Only a fool would try to predict what will happen in the weeks and months ahead, but I think we can anticipate a few important developments in which universities will have a critical role to play – including the University of Sydney.

COVID-19

First of all, 2021 will continue to be deeply affected by COVID-19 and everything that has come in its wake. Vaccines are being rolled out and governments and public health experts are continuing to grapple with the complexity of managing a highly contagious disease in highly mobile populations. What will we learn about the impact of these vaccines? How will citizens cope with seemingly endless lockdowns and restrictions on movement? Our researchers are at the forefront of many of these questions – including already thinking about how to prevent the next pandemic, developing new tools for clinicians to detect COVID-19 and helping the World Health Organization uncover the origins of the outbreak.

Climate action

2021 will also be the year – finally – of climate action. A new U.S. President has put it at the centre of his domestic and global agenda and technology is rapidly advancing to help deliver new solutions for a more sustainable economy – including revolutionary battery technology, end-of-life plastic recycling, and new approaches to a developing a genuinely circular economy, all being pursued here at the University of Sydney. Political activism around climate will also likely intensify, with the UN Climate Conference in Glasgow in November likely to be focused on even more ambitious emission reduction targets than those agreed in Paris in 2015. What will Australia do? Our Sydney Environment Institute has led important research on climate justice, working with civil society organisations, local governments and others to help build community resilience around not only more sustainable ways of living, but more equitable and just approaches to achieving sustainability.

Partnering for impact

Finally, 2021 will see the continuation of what I think of as the ‘great opening up’ of universities – the deepening engagement with governments, industry partners, NGOs and citizens. This is, in part, driven by the challenges we face, as well as the desire, on the part of the communities we serve, to harness our research and teaching for the public good. For example, at Sydney, our plastic recycling technology is being rolled out to industrial and government customers in more than 80 countries, and we’re working with Microsoft to build a quantum computer that could transform the future of computing, the economy and the way we live. 

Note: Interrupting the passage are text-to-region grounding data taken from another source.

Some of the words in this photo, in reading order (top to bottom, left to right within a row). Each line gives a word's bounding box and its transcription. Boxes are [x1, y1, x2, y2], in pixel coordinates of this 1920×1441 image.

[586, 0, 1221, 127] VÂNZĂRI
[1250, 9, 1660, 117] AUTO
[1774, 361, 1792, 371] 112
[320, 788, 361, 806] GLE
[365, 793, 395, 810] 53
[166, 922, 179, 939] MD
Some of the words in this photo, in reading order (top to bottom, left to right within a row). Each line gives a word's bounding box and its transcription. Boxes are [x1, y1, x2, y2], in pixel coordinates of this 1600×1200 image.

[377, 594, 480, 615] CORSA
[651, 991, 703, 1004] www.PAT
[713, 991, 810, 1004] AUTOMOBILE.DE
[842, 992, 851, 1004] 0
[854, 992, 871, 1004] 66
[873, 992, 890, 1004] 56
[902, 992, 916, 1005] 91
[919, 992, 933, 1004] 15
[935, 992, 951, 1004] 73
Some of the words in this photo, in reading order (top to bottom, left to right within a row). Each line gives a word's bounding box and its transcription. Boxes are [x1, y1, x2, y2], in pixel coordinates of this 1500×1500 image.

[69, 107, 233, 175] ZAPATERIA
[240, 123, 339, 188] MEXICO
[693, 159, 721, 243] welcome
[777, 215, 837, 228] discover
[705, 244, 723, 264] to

Developing COVID-19 vaccines, for example, required global and cross-sectoral support. This will need to continue as the virus mutates and evolves. Climate action will require researchers, industry and governments – and even activists – to work together with purpose for the survival of the planet. The rise and rise of Asia, and the increasing importance of the Indo-Pacific as a site for geopolitical competition, will require new thinking about international security and order, and even more engagement between policy makers, regional experts, social scientists and NGOs. And the achievement of the UN’s Sustainable Development Goals by 2030 – something the University of Sydney is deeply committed to – will only happen if universities, governments, industry and civil society collaborate in new and creative ways.

The boundaries of universities are becoming more porous, our work more deeply multi- and trans-disciplinary. 2021 will be a year in which, whatever else happens, our work will make a difference for Australia and the world.  

 


About the author

Duncan Ivison is Deputy Vice-Chancellor (Research) and a Professor of Political Philosophy at the University of Sydney.